+++ EXTRACTED INFORMATION

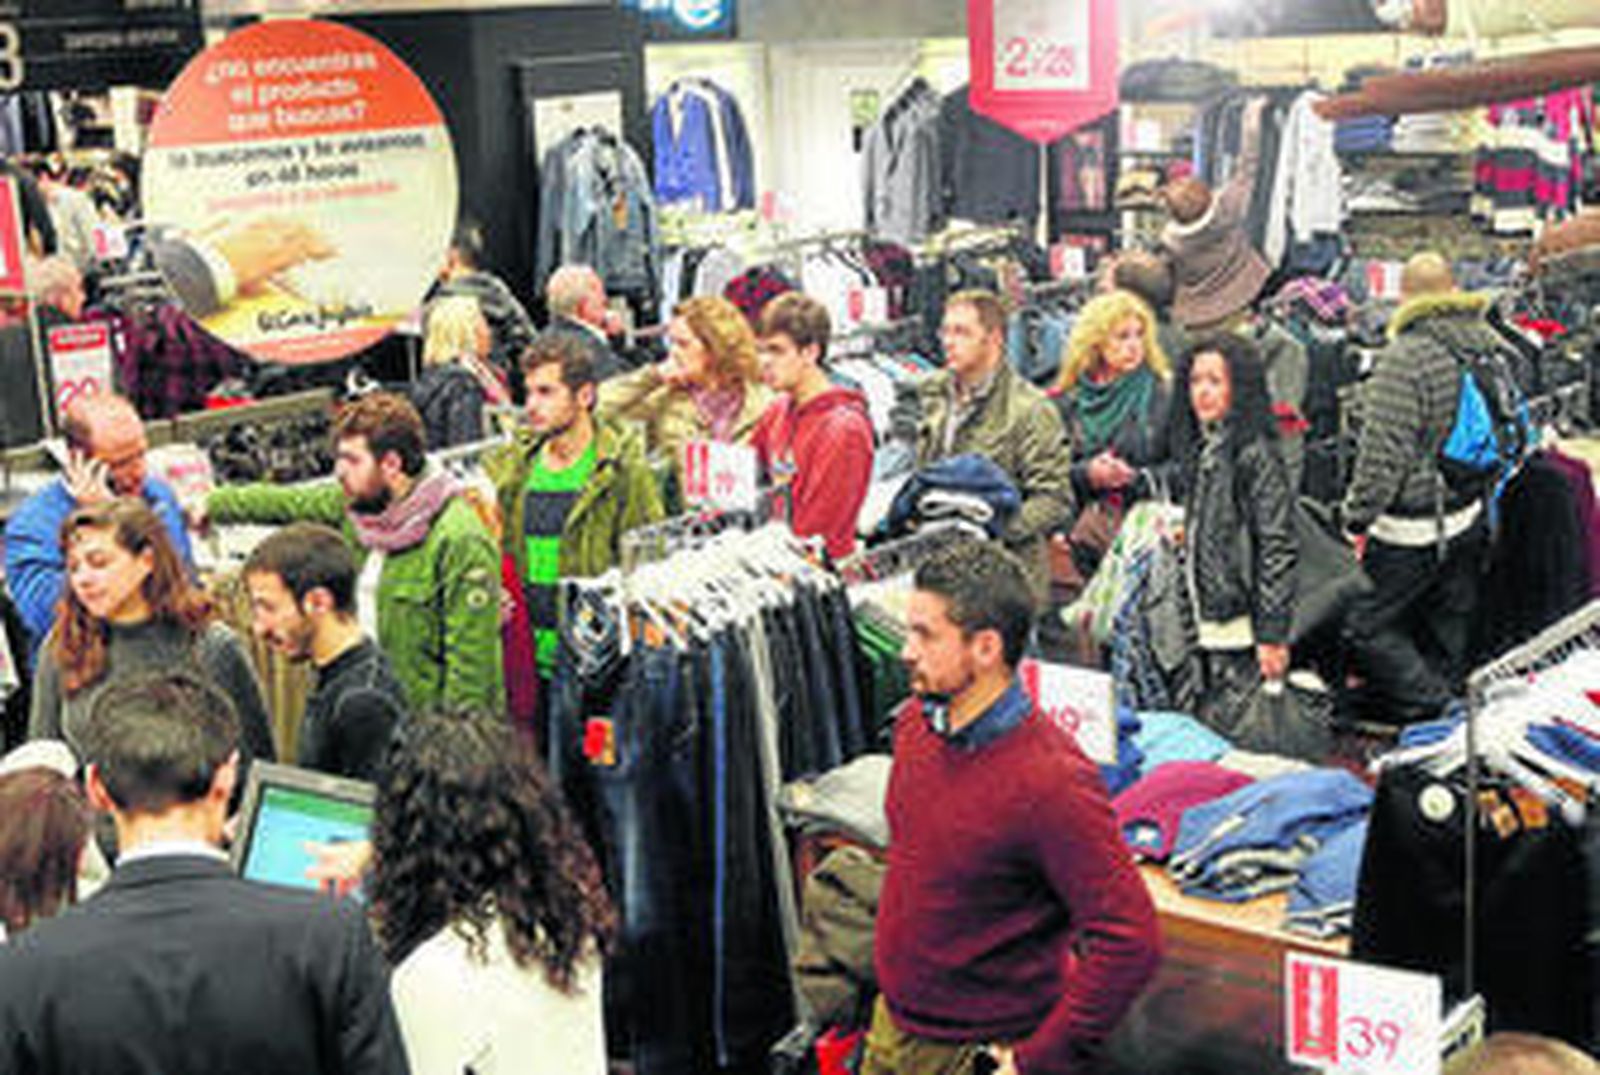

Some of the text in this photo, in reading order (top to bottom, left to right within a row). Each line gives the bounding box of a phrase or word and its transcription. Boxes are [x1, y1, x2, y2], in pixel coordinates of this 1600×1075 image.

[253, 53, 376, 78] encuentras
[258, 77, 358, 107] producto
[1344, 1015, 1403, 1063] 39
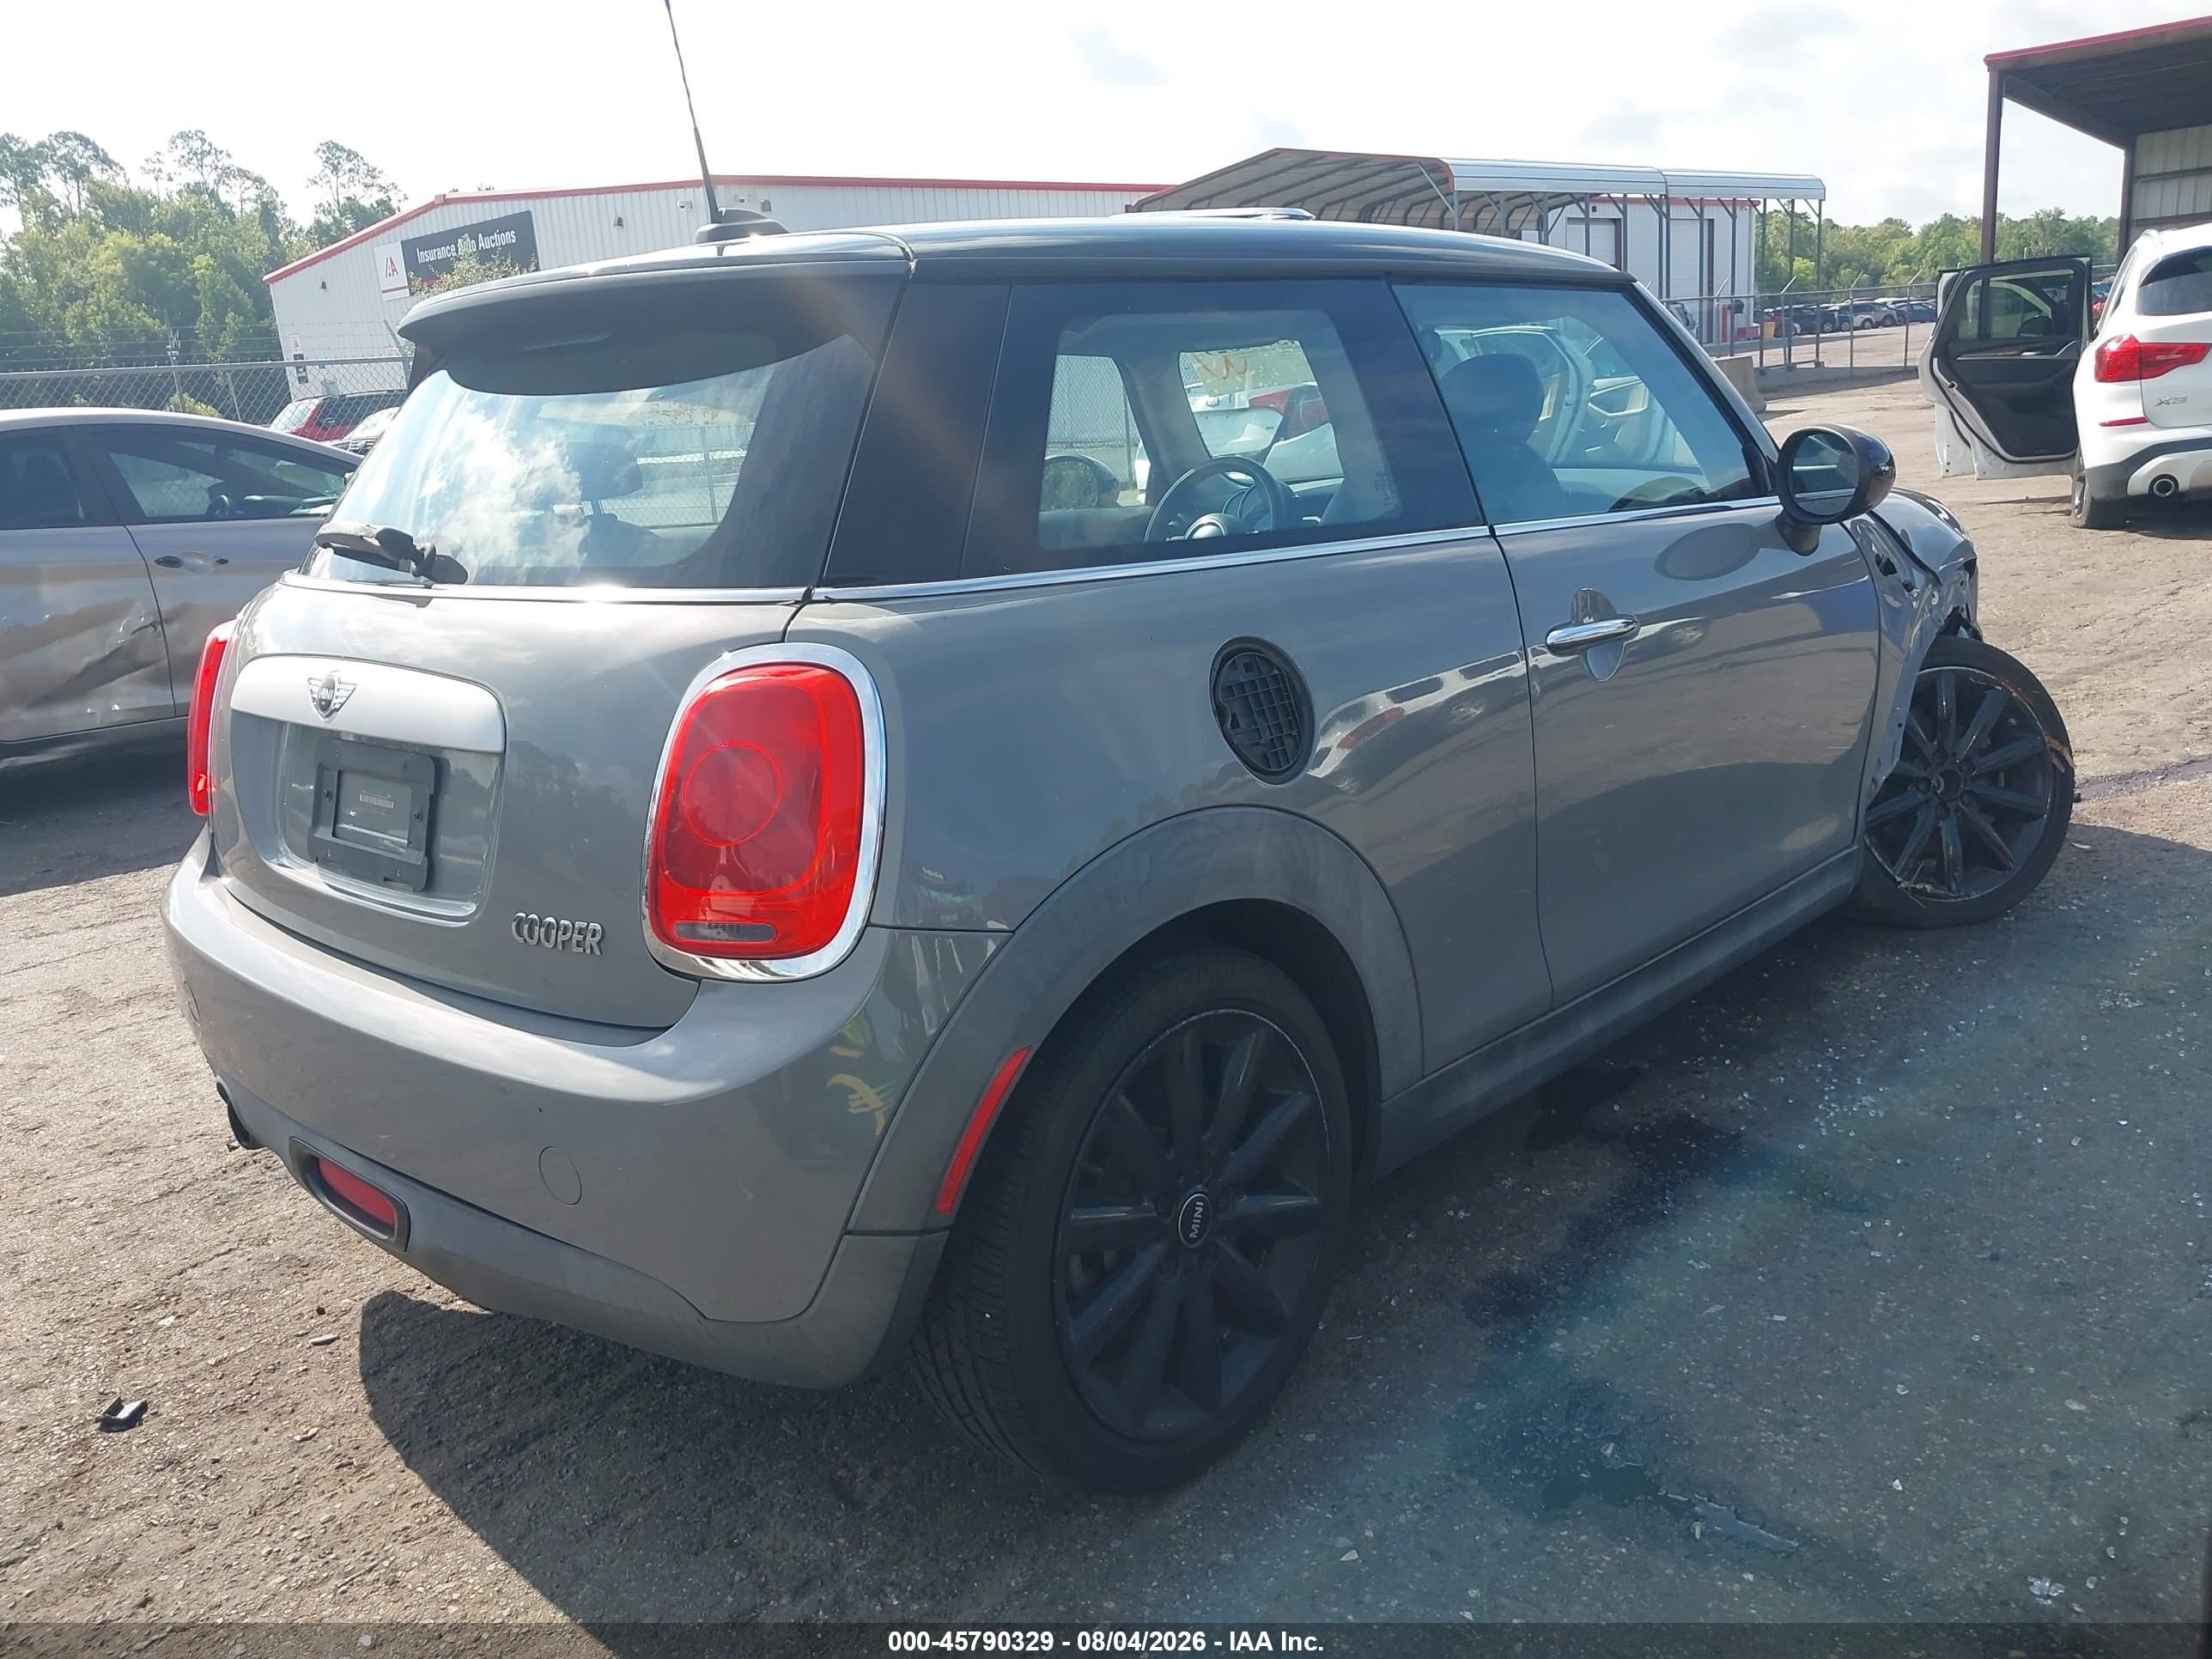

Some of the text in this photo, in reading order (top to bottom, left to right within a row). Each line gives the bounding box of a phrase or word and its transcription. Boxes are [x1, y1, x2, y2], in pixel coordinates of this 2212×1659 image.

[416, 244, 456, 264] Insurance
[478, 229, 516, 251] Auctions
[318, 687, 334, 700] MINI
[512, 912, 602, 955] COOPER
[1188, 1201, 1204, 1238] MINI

++++++

### TASK REQUIREMENTS
Each line of the material goes into your copy unchanged, but no picture does.

### EXERCISE RESULT
Some of the text in this photo, in reading order (top to bottom, left to right within a row). Each line gives the bounding box of a phrase or word and its transcription. Boxes are [x1, y1, x2, y2], in pixel coordinates of this 1600×1075 image.

[253, 53, 376, 78] encuentras
[258, 77, 358, 107] producto
[1344, 1015, 1403, 1063] 39

Some of the text in this photo, in reading order (top to bottom, left to right within a row). Each line gives the bounding box of a phrase or word and its transcription. Boxes are [x1, y1, x2, y2], in pixel coordinates of this 2212×1659 image.

[416, 244, 456, 264] Insurance
[478, 229, 516, 251] Auctions
[318, 687, 334, 700] MINI
[512, 912, 602, 955] COOPER
[1188, 1201, 1204, 1238] MINI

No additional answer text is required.